■ INPUT MATERIAL
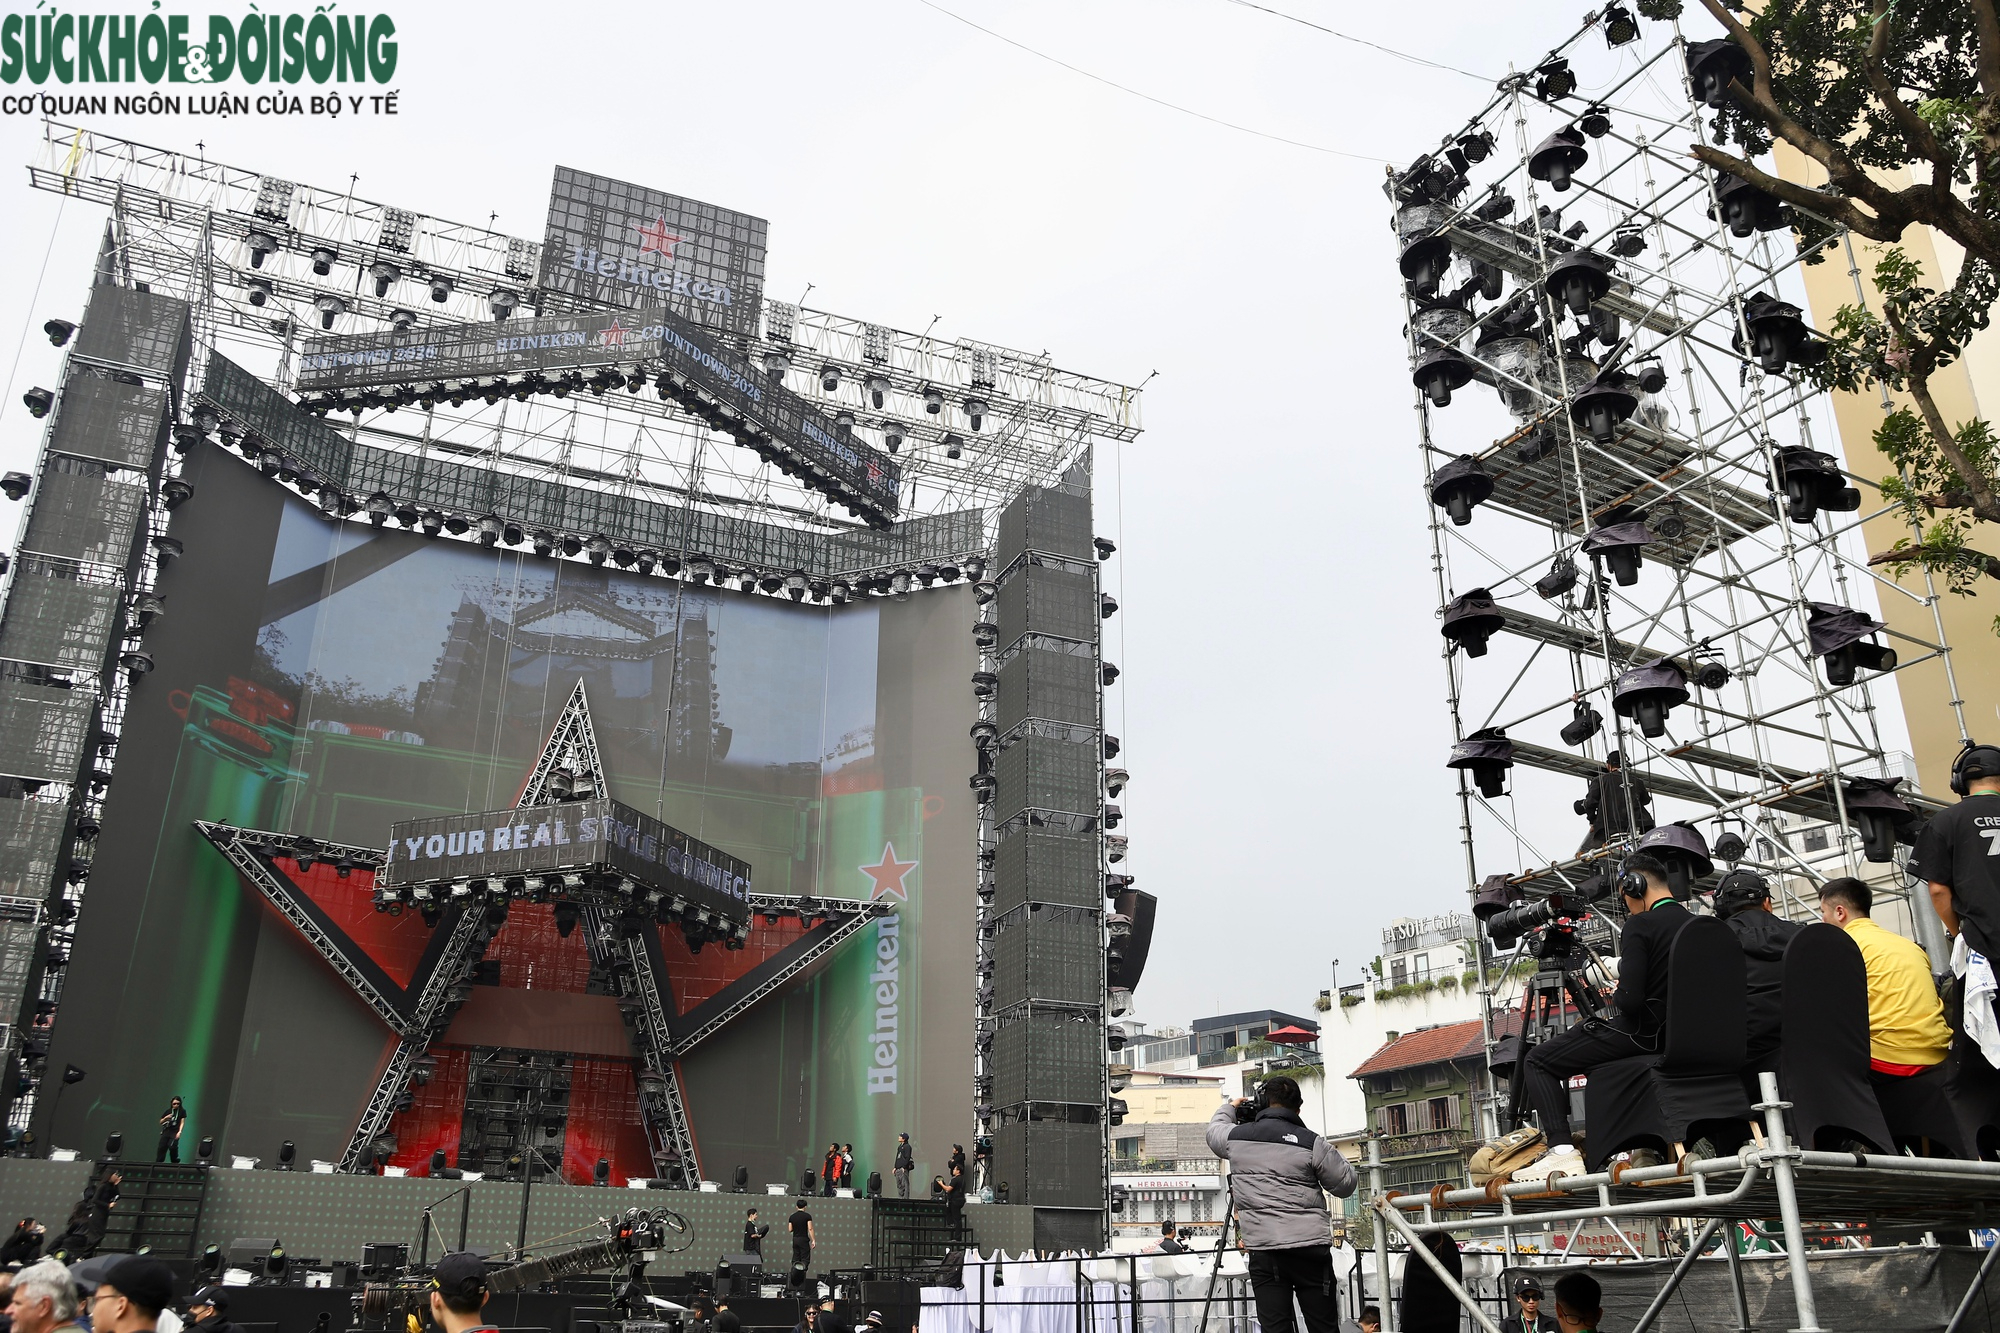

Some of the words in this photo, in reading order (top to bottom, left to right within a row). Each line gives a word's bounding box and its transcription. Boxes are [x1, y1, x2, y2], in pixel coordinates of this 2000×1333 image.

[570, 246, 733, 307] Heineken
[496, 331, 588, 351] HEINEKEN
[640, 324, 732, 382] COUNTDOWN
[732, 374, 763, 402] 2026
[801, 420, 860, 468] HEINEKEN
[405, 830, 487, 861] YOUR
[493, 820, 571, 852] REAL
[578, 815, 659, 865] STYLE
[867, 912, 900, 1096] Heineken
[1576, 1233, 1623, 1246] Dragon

* * *

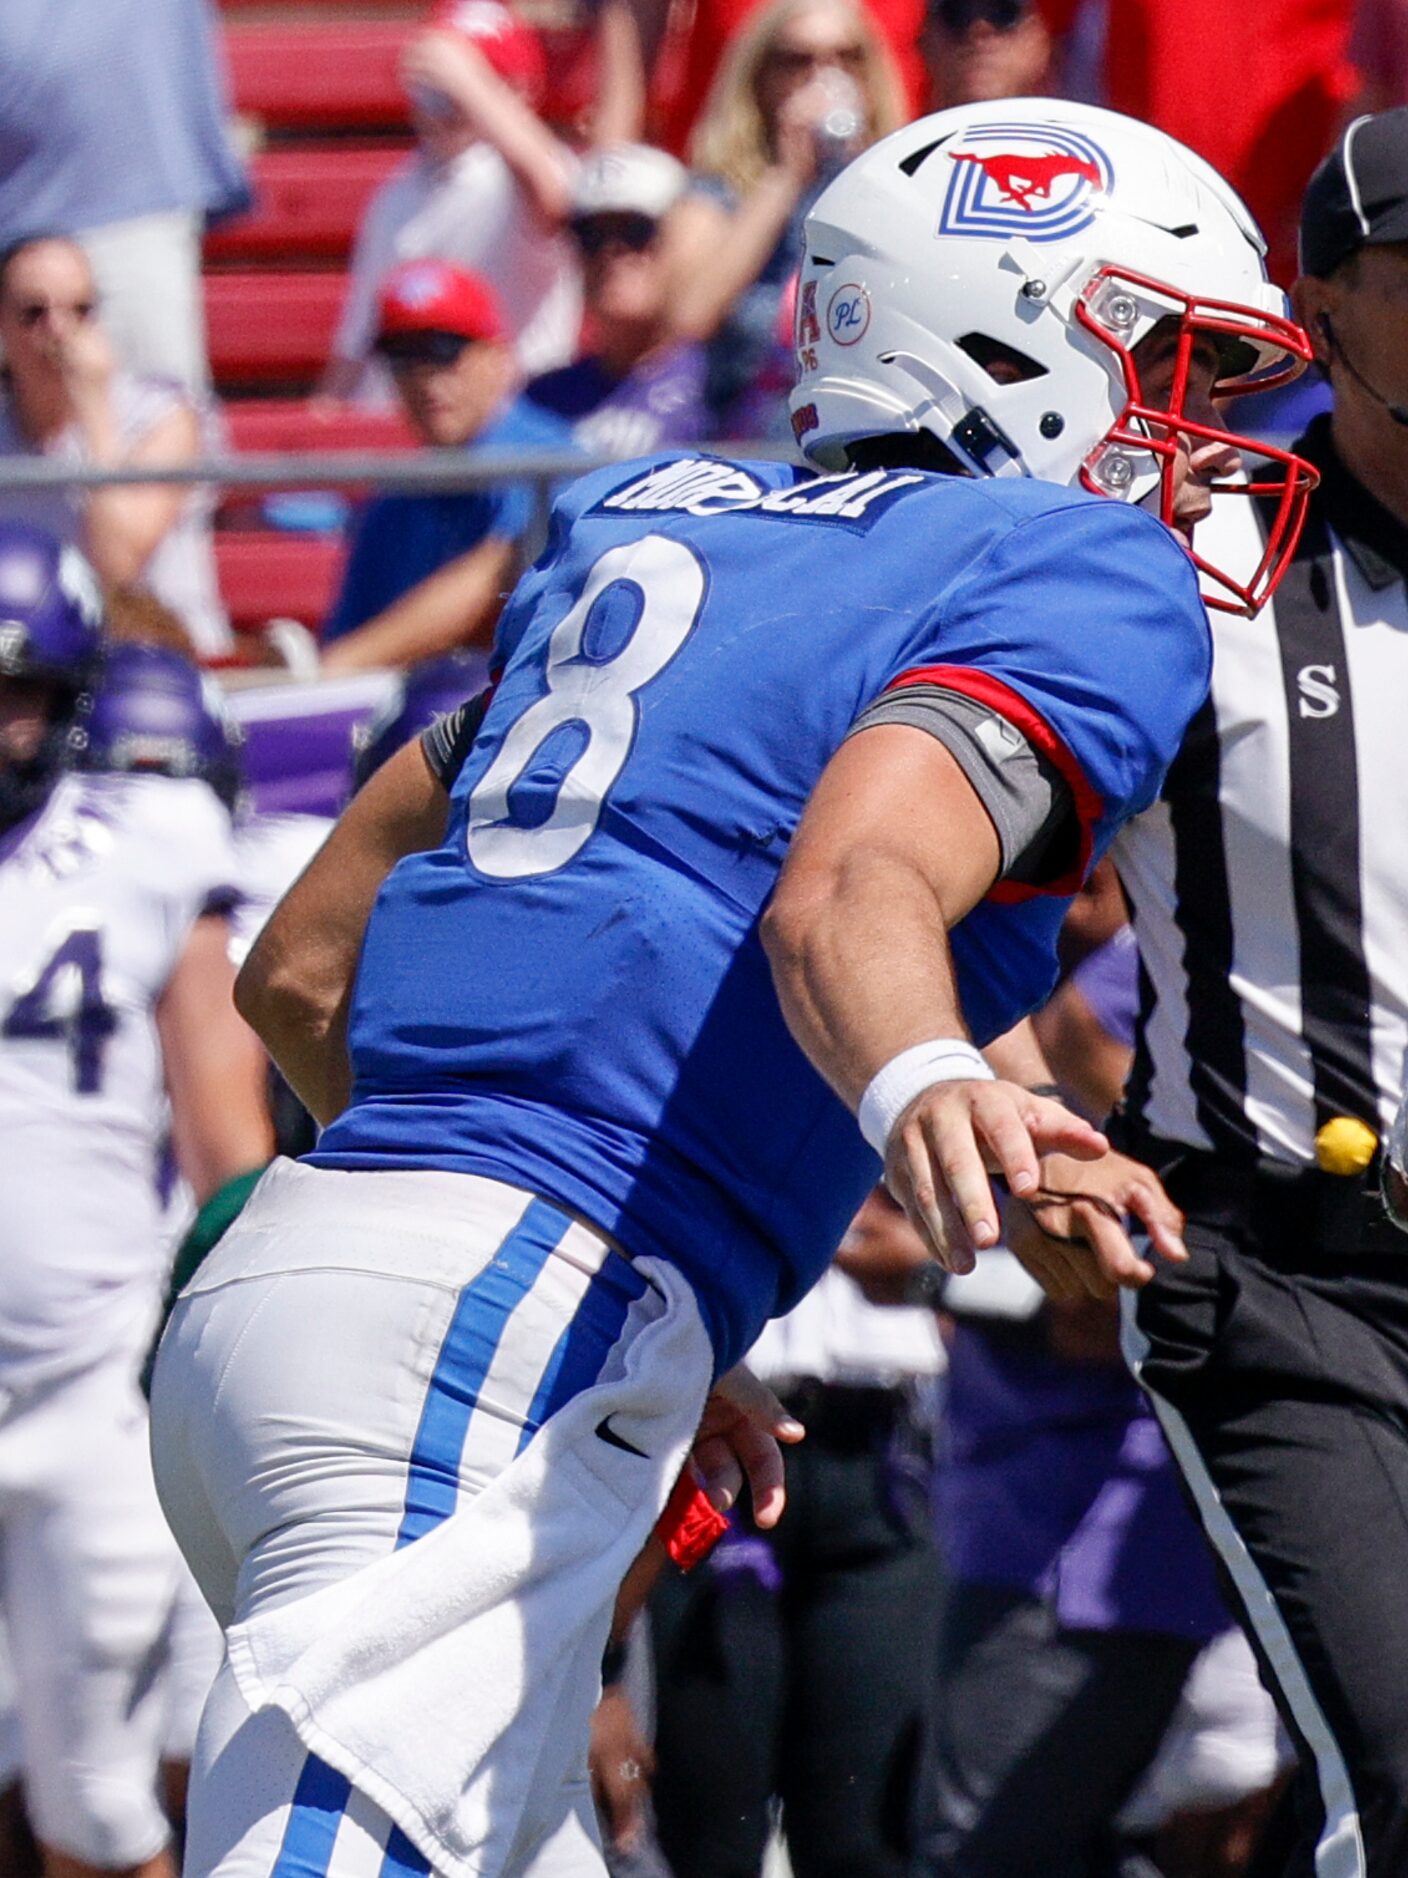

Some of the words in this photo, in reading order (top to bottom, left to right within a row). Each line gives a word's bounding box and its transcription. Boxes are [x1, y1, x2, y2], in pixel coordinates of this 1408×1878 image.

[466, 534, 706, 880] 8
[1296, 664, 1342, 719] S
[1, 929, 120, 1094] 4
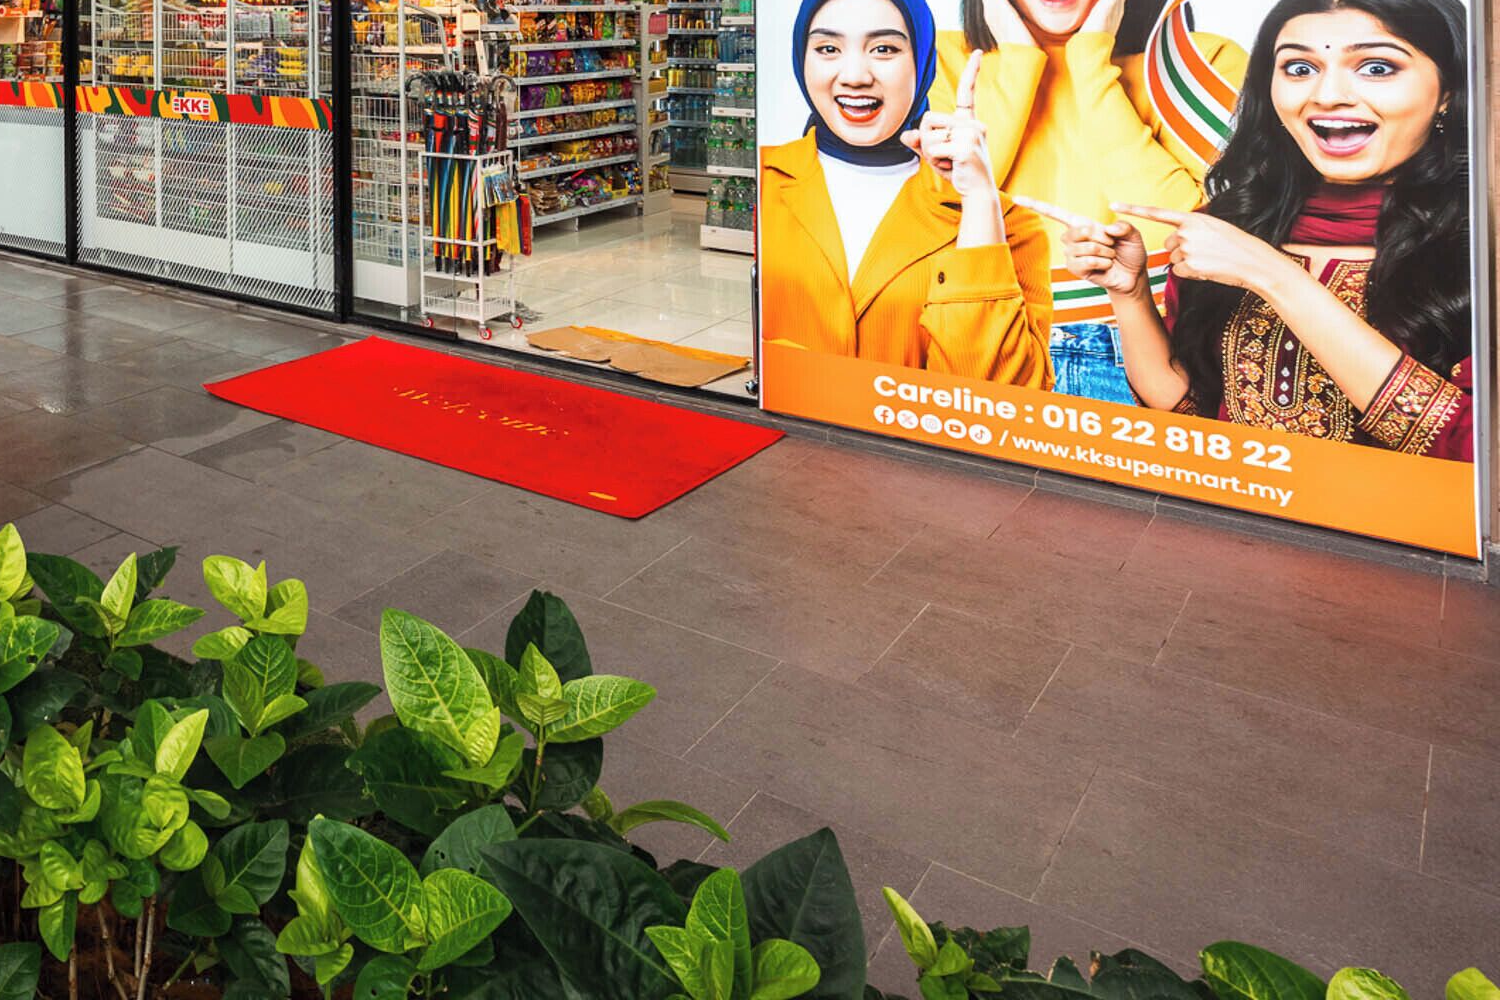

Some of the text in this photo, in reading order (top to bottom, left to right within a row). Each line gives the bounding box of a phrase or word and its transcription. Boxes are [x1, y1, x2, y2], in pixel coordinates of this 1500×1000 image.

■ YOUR GOAL
Above are records; write out the lines from the one with "this 1408×1878 image." down to the one with "Some of the text", exactly, leaving the pictures out.

■ RESULT BELOW
Some of the words in this photo, in reading order (top to bottom, left to right within a row). Each line gives a word's bounding box and its transcription. Boxes are [x1, y1, x2, y2], in pixel coordinates of this 1408×1878 image.

[466, 534, 706, 880] 8
[1296, 664, 1342, 719] S
[1, 929, 120, 1094] 4

Some of the text in this photo, in reading order (top to bottom, left to right within a row). Each line gives the bounding box of a phrase or word and its transcription. Boxes are [x1, y1, x2, y2], in pixel coordinates of this 1500×1000 image.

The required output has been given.